Digital Foundry Article Technical Discussion [2023]

Status
Not open for further replies.
Join the true gaming elite: 1440p 240-360Hz with low settings.

Thankfully for me, while I can appreciate the extra smoothness that comes with 240 Hz in games, going from 120 Hz to 240 Hz isn't nearly as dramatic as going from 60 Hz to 120 Hz. I think 120 Hz might be good enough for me as a lower bound with 240 Hz being something nice I can dream about but it's not quite into the "must have" territory that 120 Hz represents. :)

As soon as I had a taste of 120 Hz on my friend's rig, I couldn't wait to get rid of 60 Hz gaming. I don't have the same feeling after trying 240 Hz and higher.

Regards,
SB
 
The '70' class Nvidia GPU's have always been 1440p GPU's. (With '60' class for 1080p and '80' class and above for 4k) so what are you even doing talking about 4k performance for a '70' class Nvidia GPU?

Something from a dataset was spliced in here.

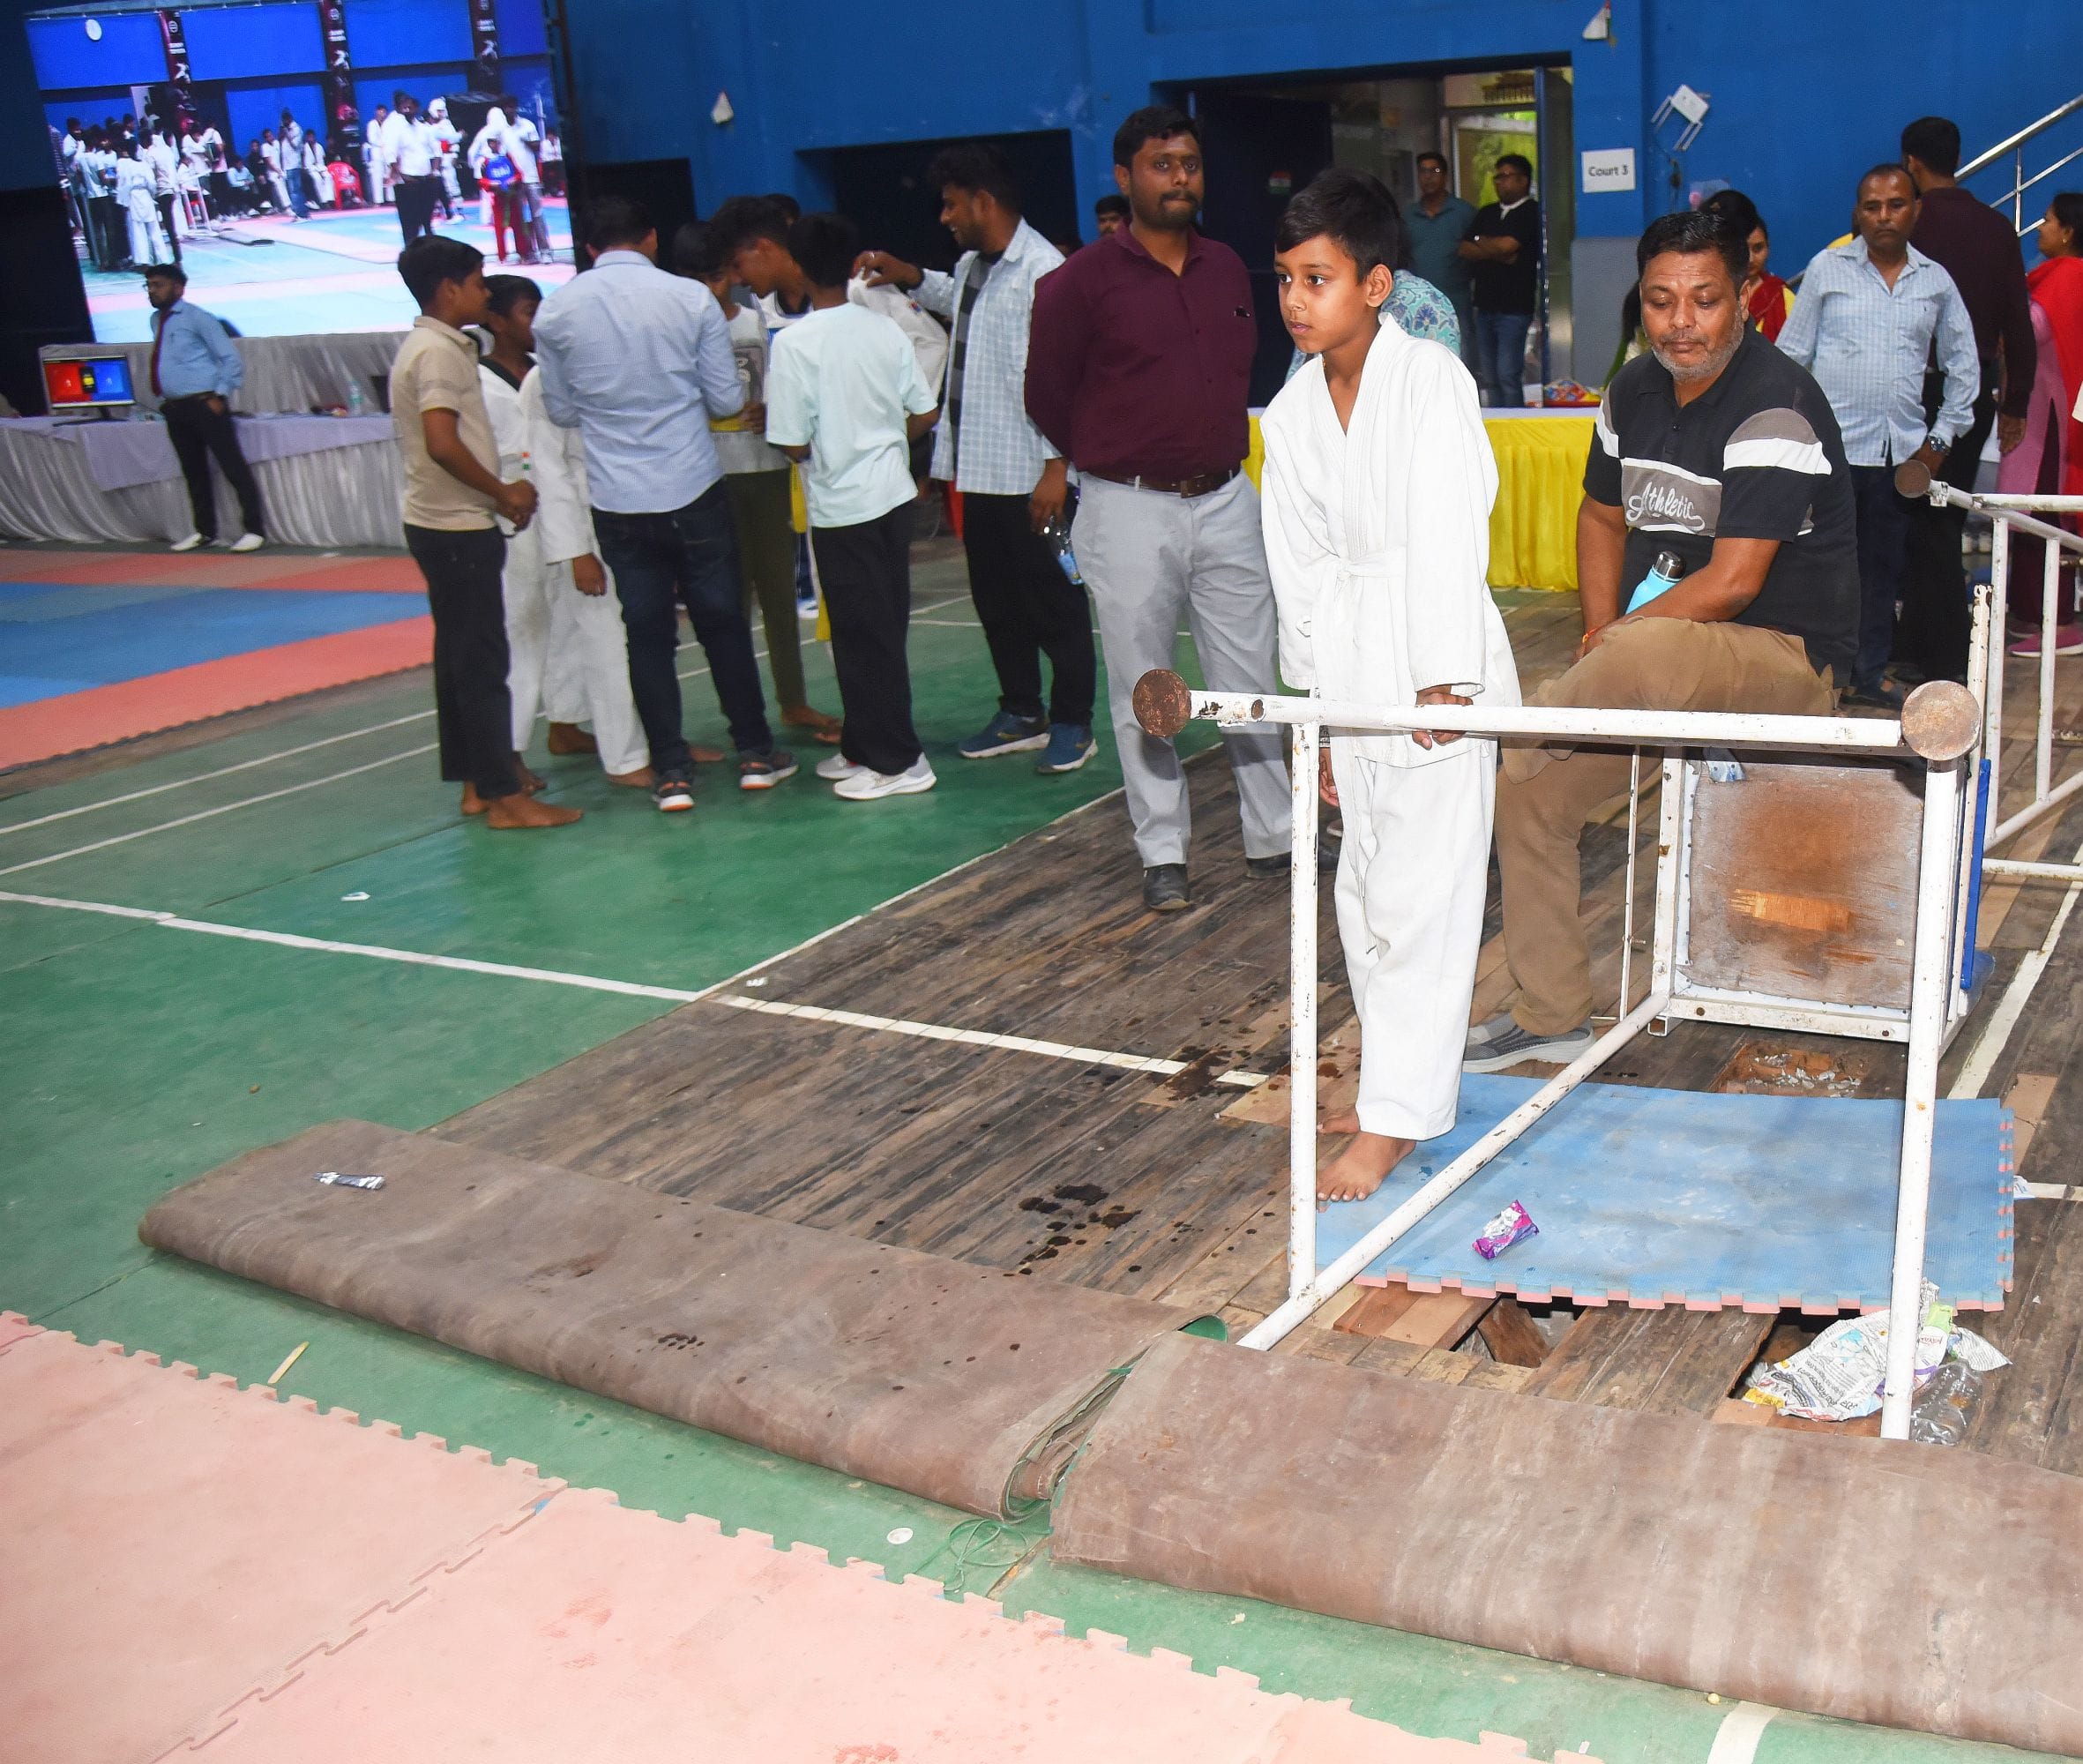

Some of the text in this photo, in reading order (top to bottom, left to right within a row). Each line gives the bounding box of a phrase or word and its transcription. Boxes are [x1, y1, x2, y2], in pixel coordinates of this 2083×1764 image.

[1588, 165, 1629, 177] Court 3
[1626, 482, 1706, 531] Athletic
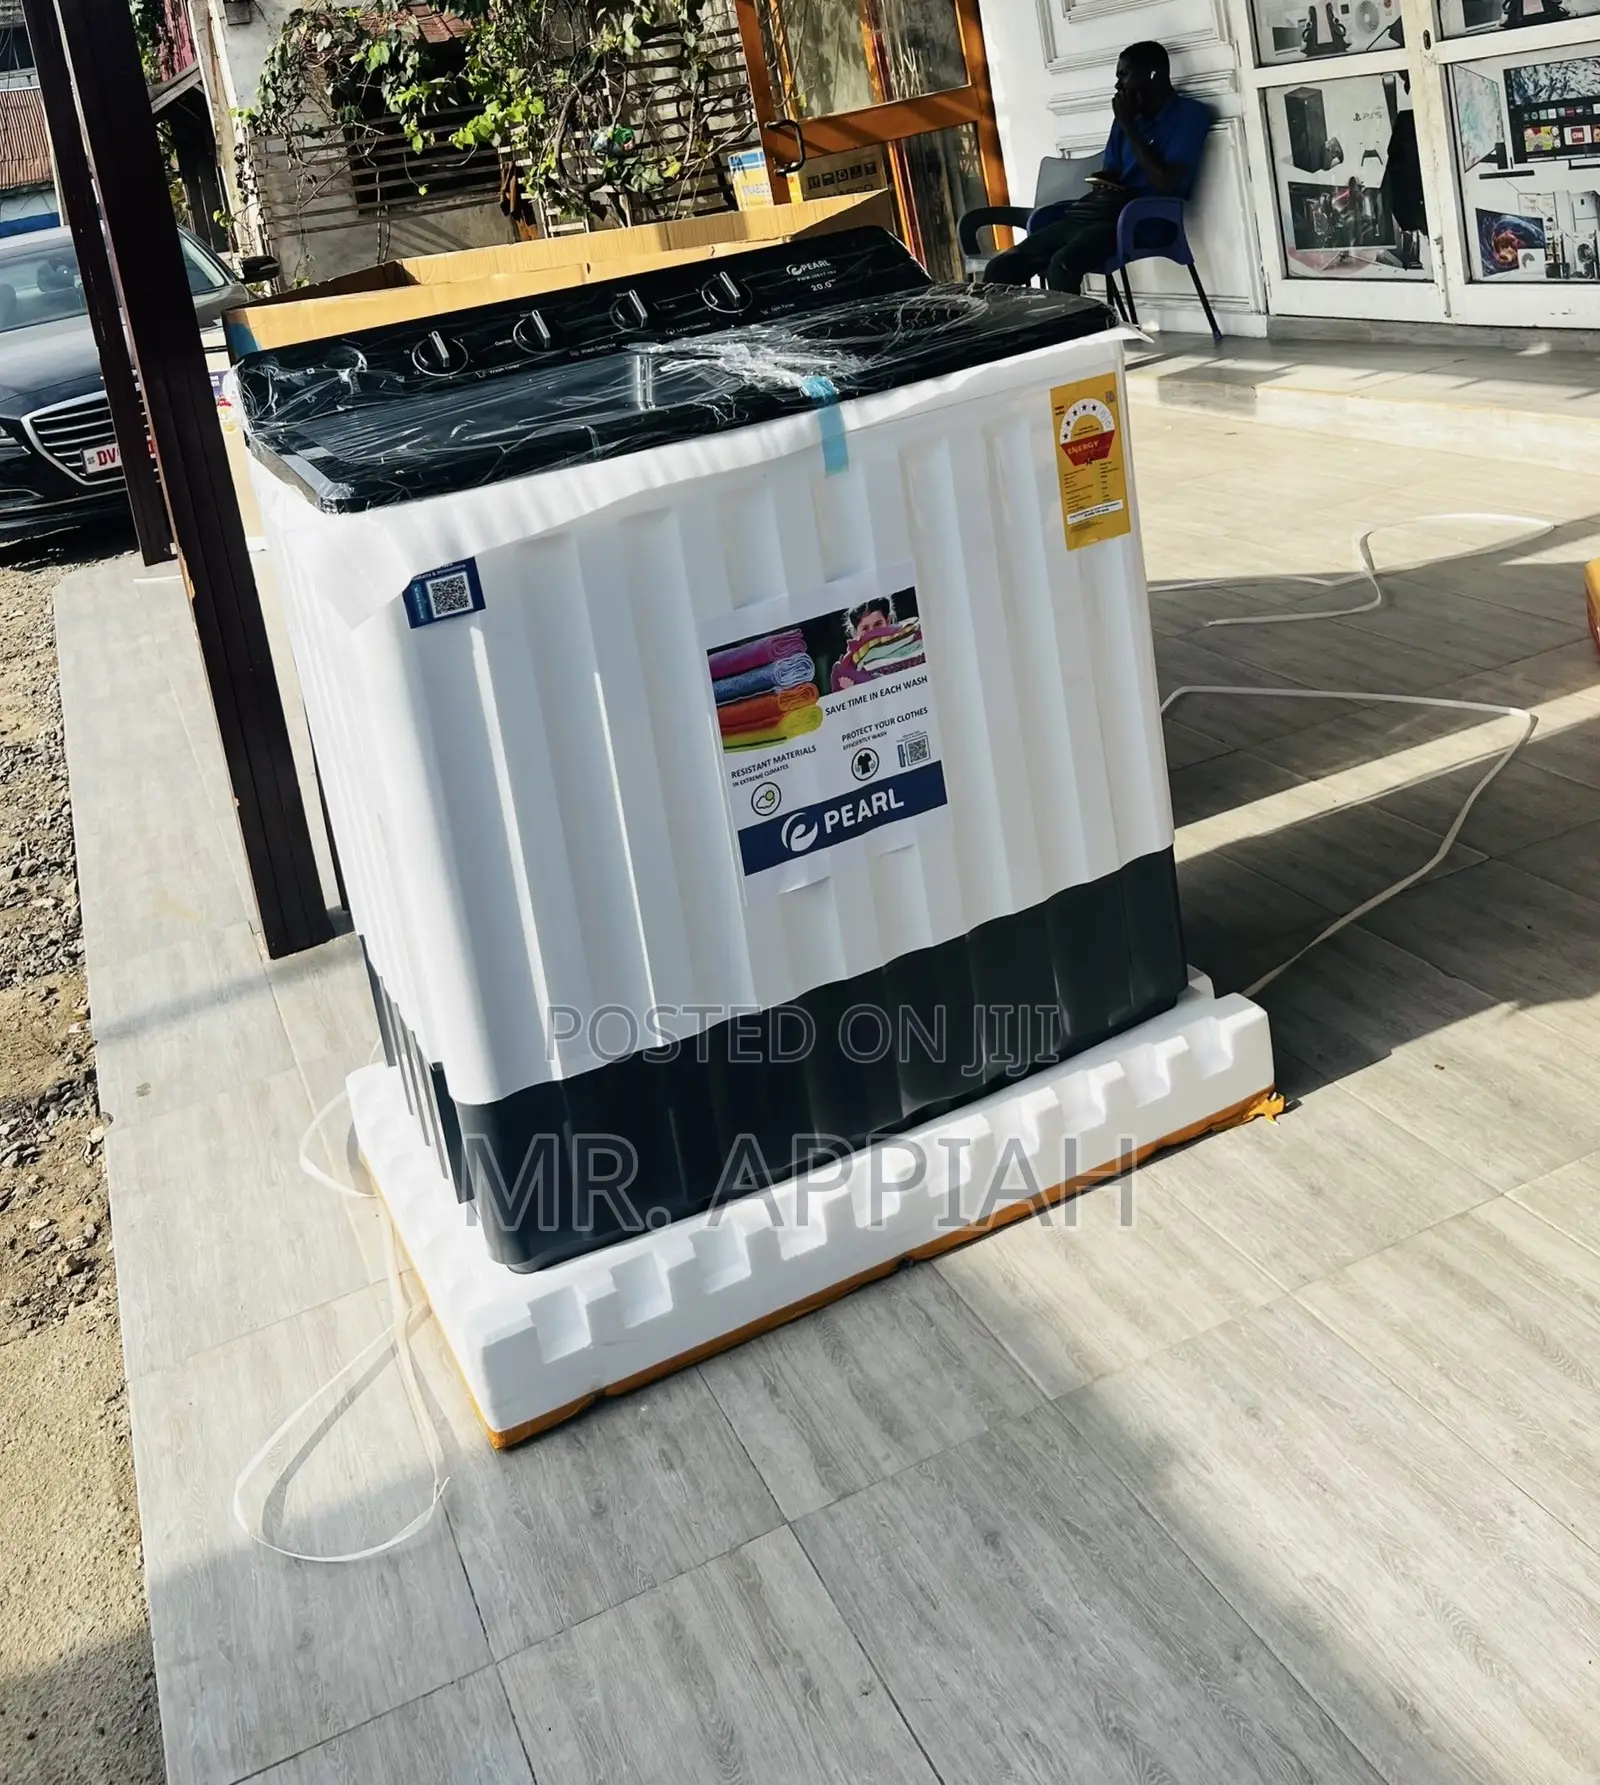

Can we apply this same silly logic to the 7900XT? As unlike the 4070ti the '900' class for AMD GPU's is a 4k GPU.
Feel free to apply that logic to AMD. The 7900xt is over priced. They just followed Nvidia with the price gouging. That card should be like $600 max. With regards to the '70' class gpus, what Nvidia calls it doesn't matter. It's what they charge for it. The 4070 for example should actually be the 4060 or 4060ti at worst. Nvidia and Amd are out here price gouging and we have folks in here applauding it. It's very sad.
 
With regards to the '70' class gpus, what Nvidia calls it doesn't matter. It's what they charge for it.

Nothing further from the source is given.